### Task directions
Give back exactly the lines from the "this 1800×1350 image." line to the final line of the records, and only those, minus any pictures.

━━━ Data extract

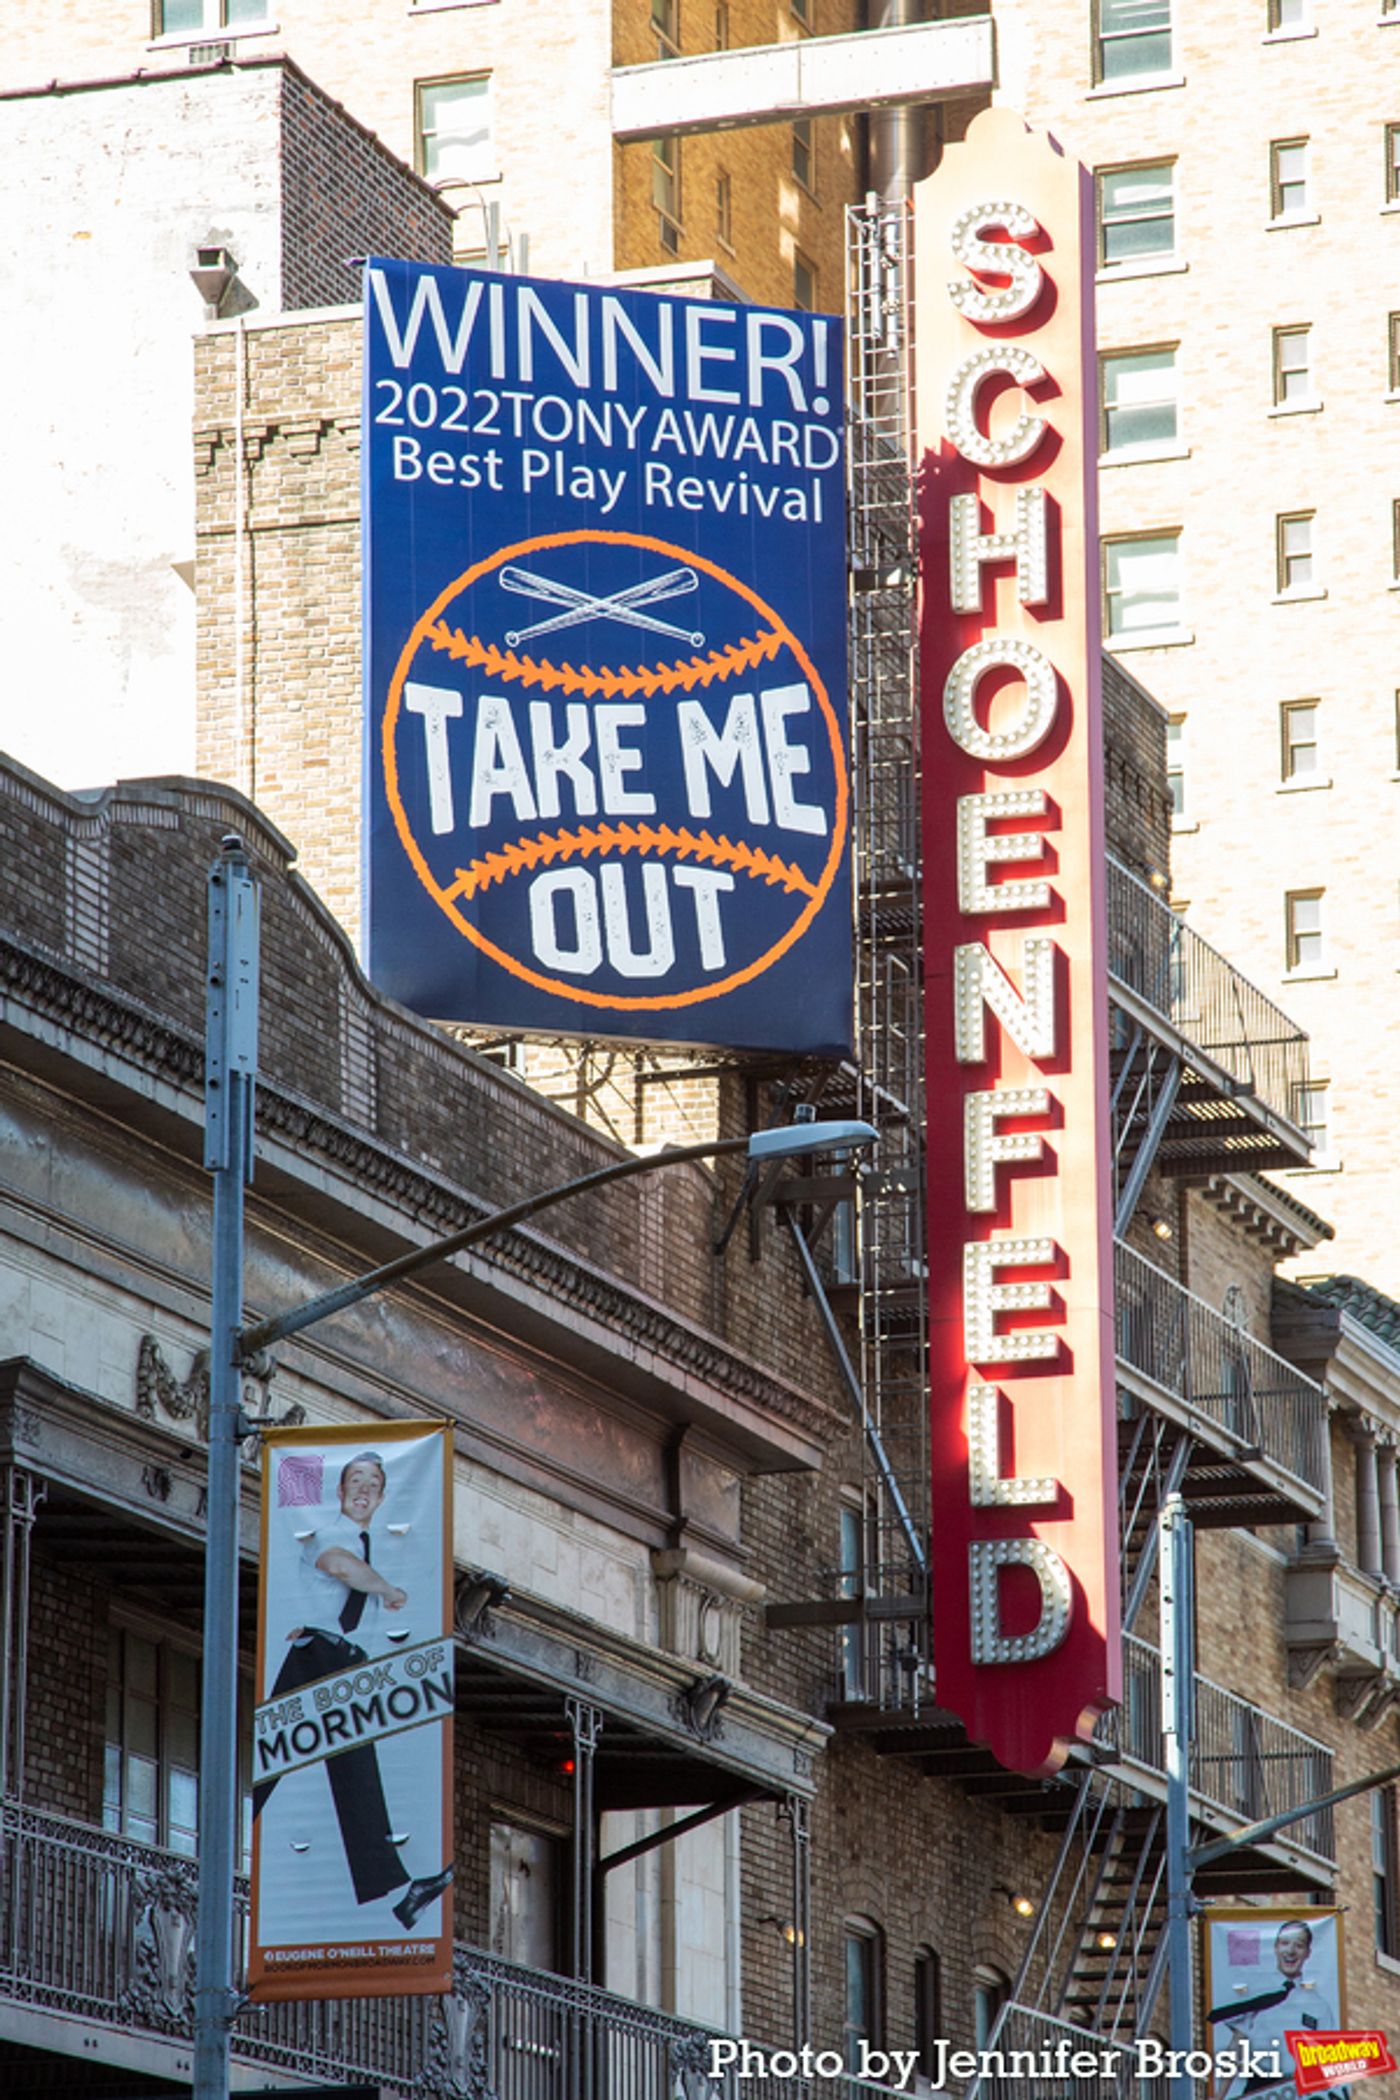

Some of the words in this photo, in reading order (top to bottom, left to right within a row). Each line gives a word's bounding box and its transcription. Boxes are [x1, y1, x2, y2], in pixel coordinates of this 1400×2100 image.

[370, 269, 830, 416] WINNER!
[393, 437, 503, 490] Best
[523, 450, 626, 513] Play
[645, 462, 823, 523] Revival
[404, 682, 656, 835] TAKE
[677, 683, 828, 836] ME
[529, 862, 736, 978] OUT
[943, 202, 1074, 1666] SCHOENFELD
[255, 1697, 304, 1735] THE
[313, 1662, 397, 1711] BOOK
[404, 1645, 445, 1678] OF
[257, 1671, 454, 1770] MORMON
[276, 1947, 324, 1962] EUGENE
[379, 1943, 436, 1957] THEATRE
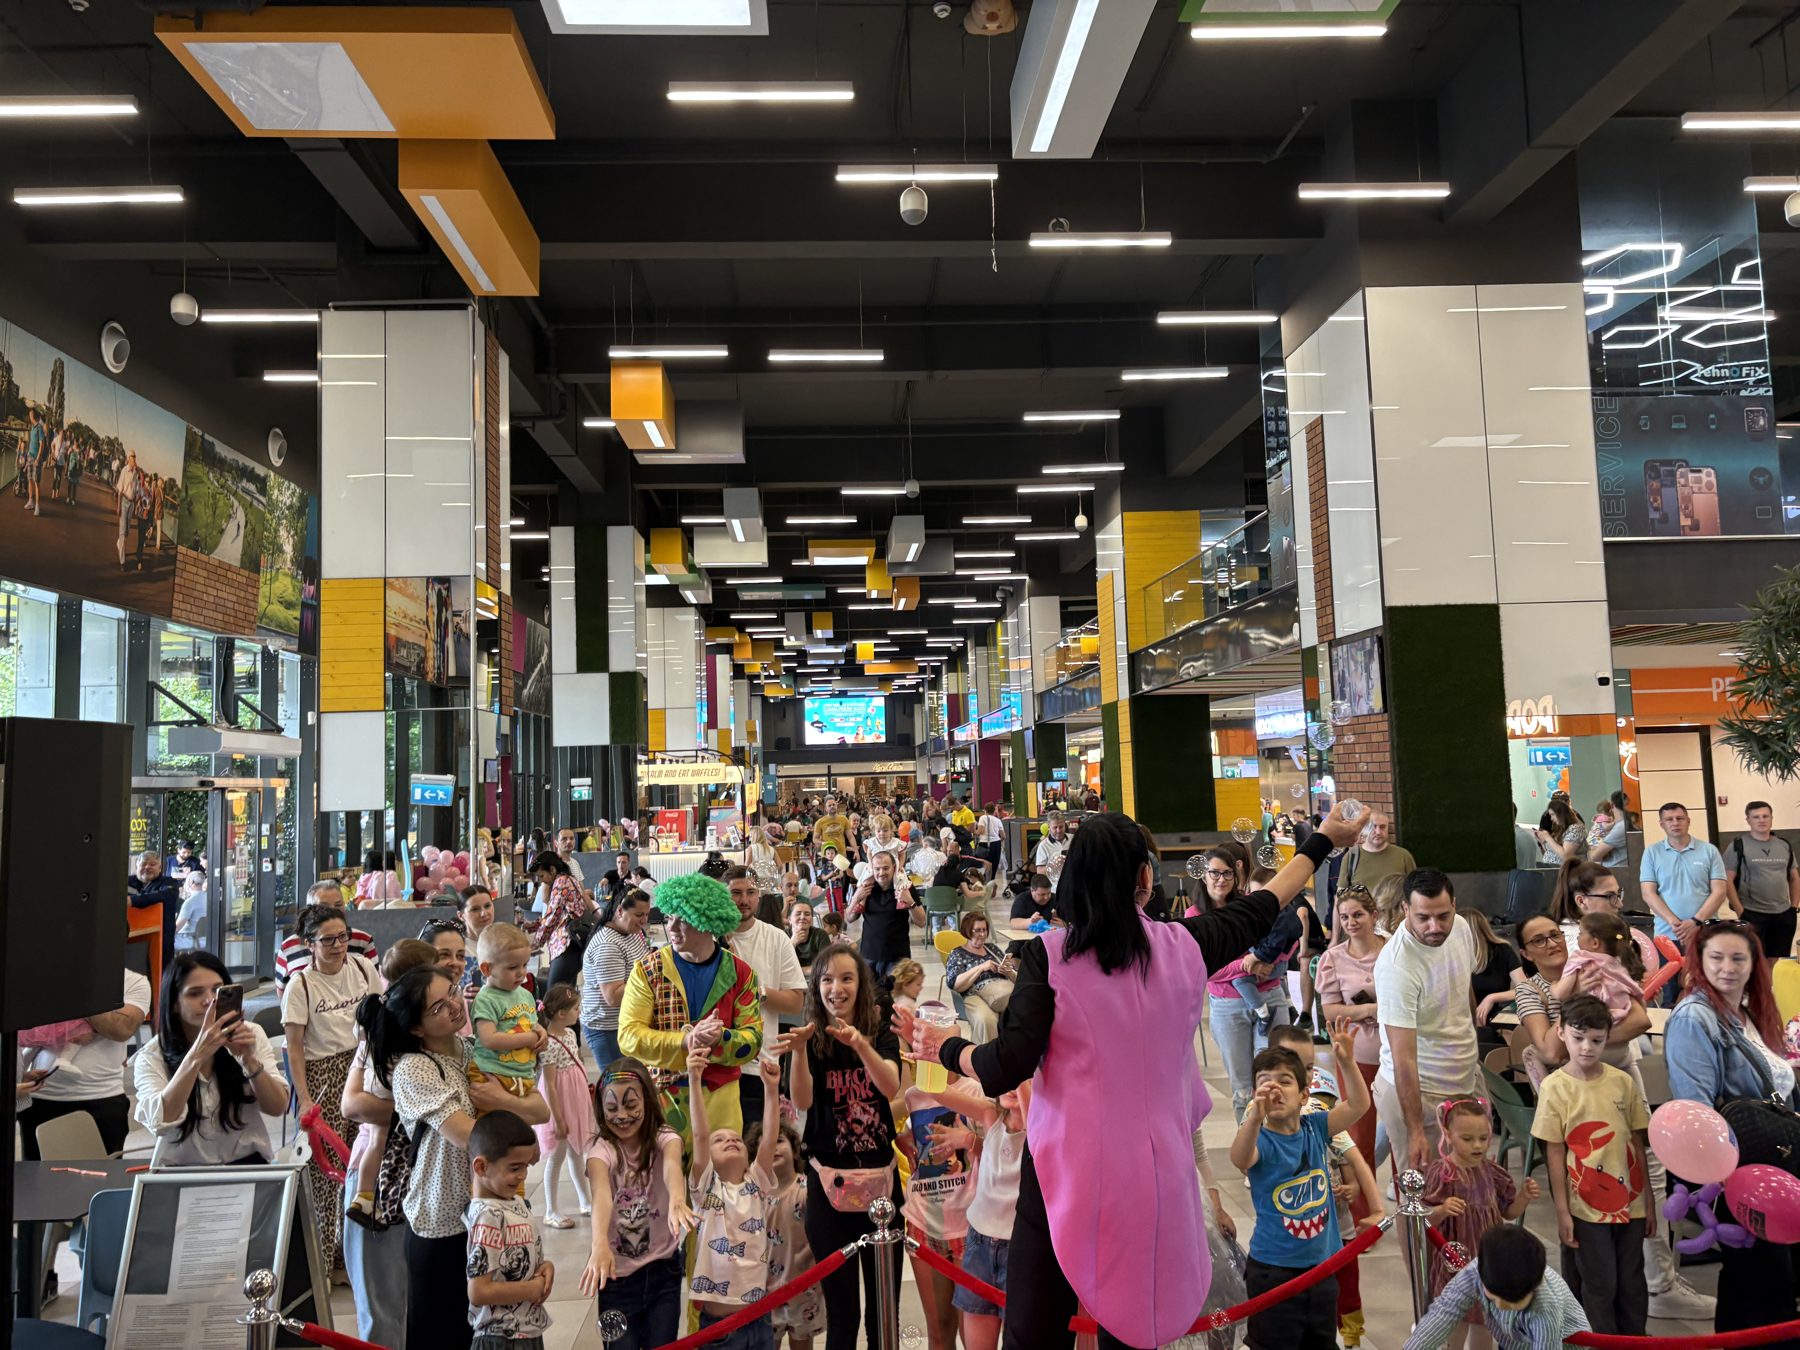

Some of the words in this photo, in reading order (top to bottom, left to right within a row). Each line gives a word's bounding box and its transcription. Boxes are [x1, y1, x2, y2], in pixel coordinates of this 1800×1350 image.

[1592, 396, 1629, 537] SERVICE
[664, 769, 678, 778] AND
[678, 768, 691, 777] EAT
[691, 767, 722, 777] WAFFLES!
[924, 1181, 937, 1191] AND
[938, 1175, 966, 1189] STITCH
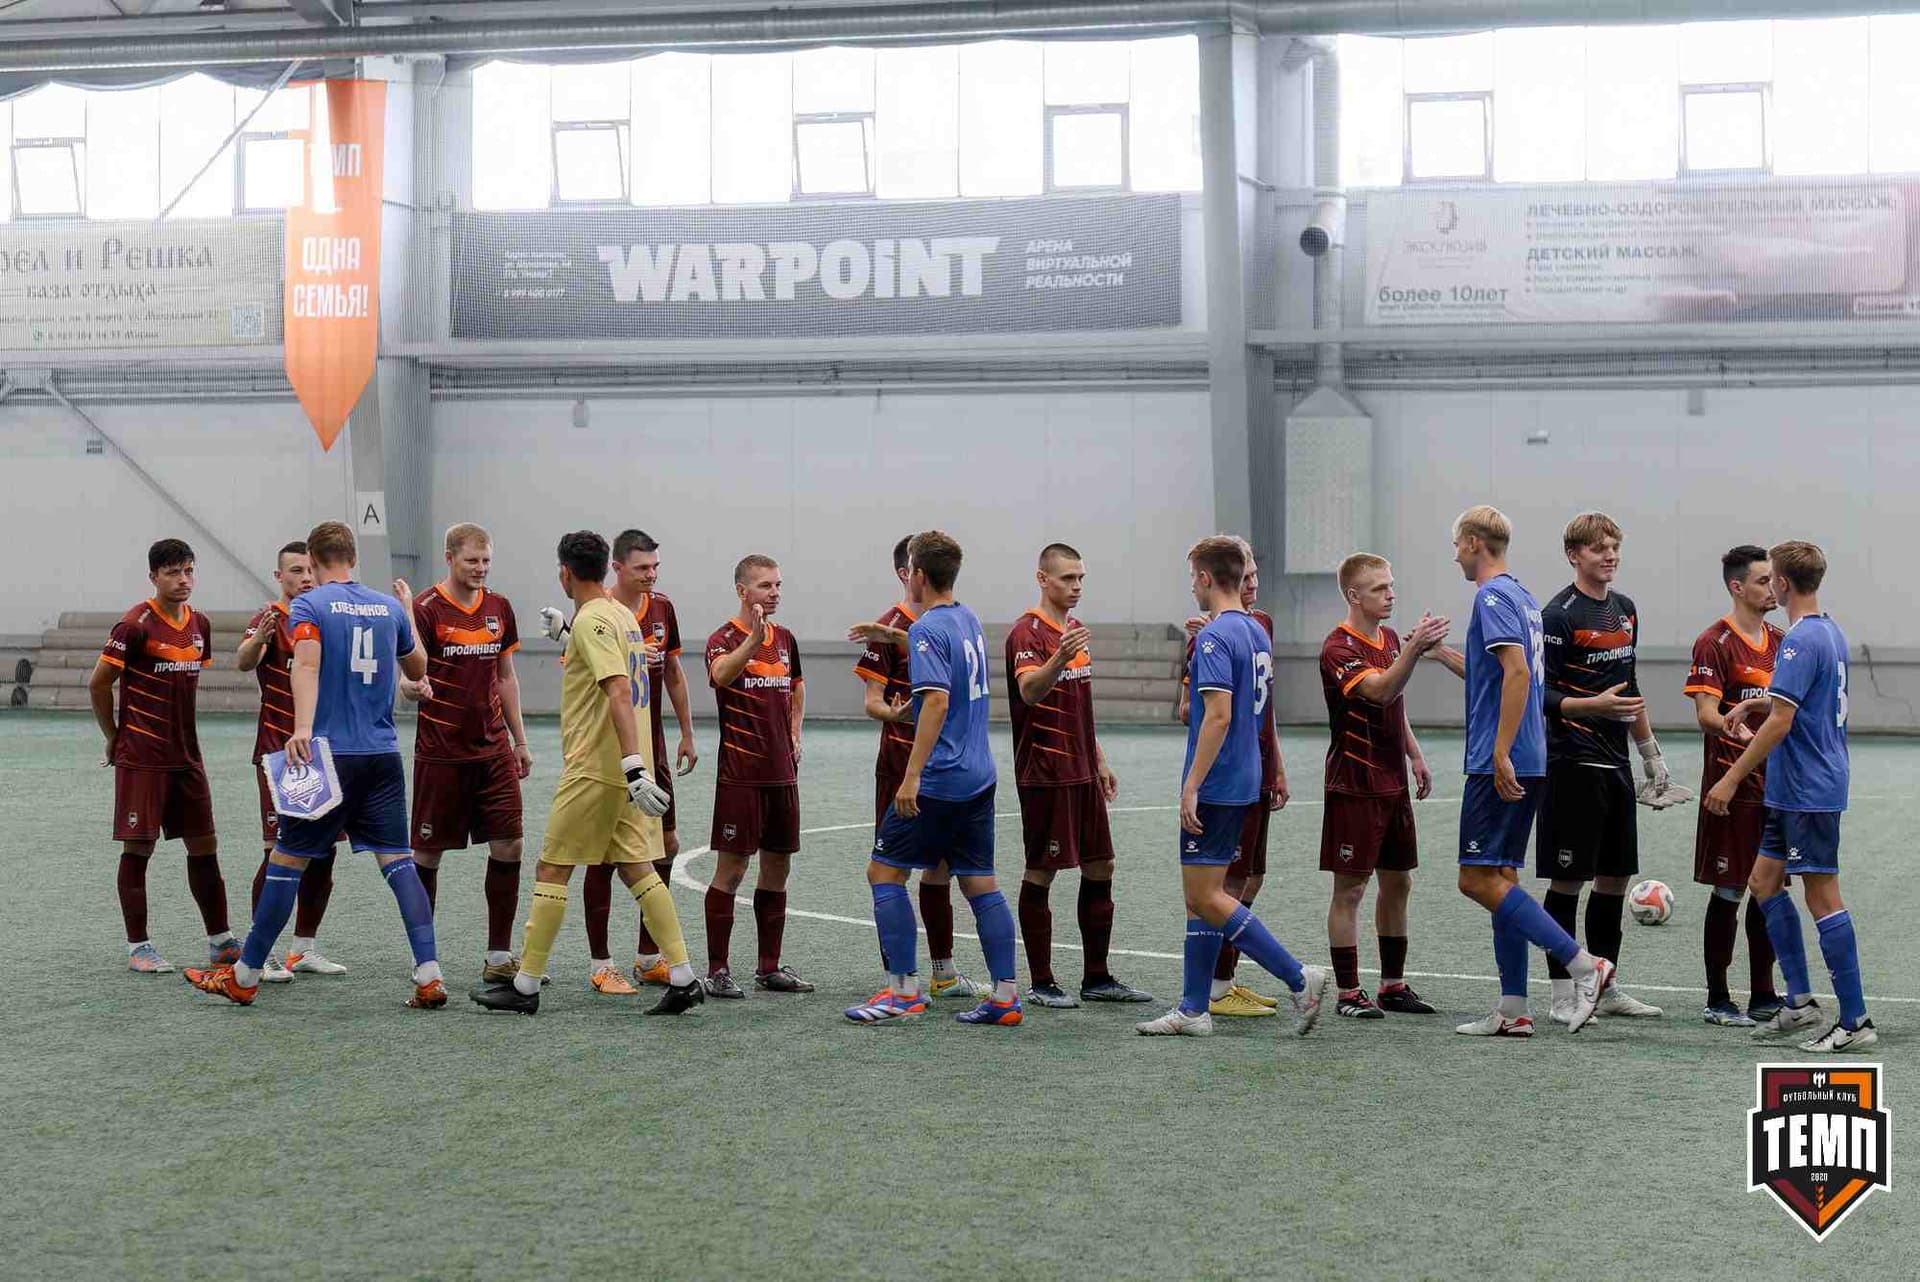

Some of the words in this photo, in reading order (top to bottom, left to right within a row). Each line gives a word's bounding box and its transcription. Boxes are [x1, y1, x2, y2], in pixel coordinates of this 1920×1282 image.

━━━━━━

### Task answer
Some of the words in this photo, in reading order (top to bottom, left to right within a row). Each line gives a word's bounding box and its transcription. Boxes are [x1, y1, x2, y2], in pixel coordinates of this 1800×1350 image.

[1592, 396, 1629, 537] SERVICE
[664, 769, 678, 778] AND
[678, 768, 691, 777] EAT
[691, 767, 722, 777] WAFFLES!
[924, 1181, 937, 1191] AND
[938, 1175, 966, 1189] STITCH

Some of the words in this photo, in reading order (top to bottom, left to right within a row). Each line gives a word's bounding box and its transcription. Boxes are [x1, y1, x2, y2], in pixel coordinates of this 1920×1282 image.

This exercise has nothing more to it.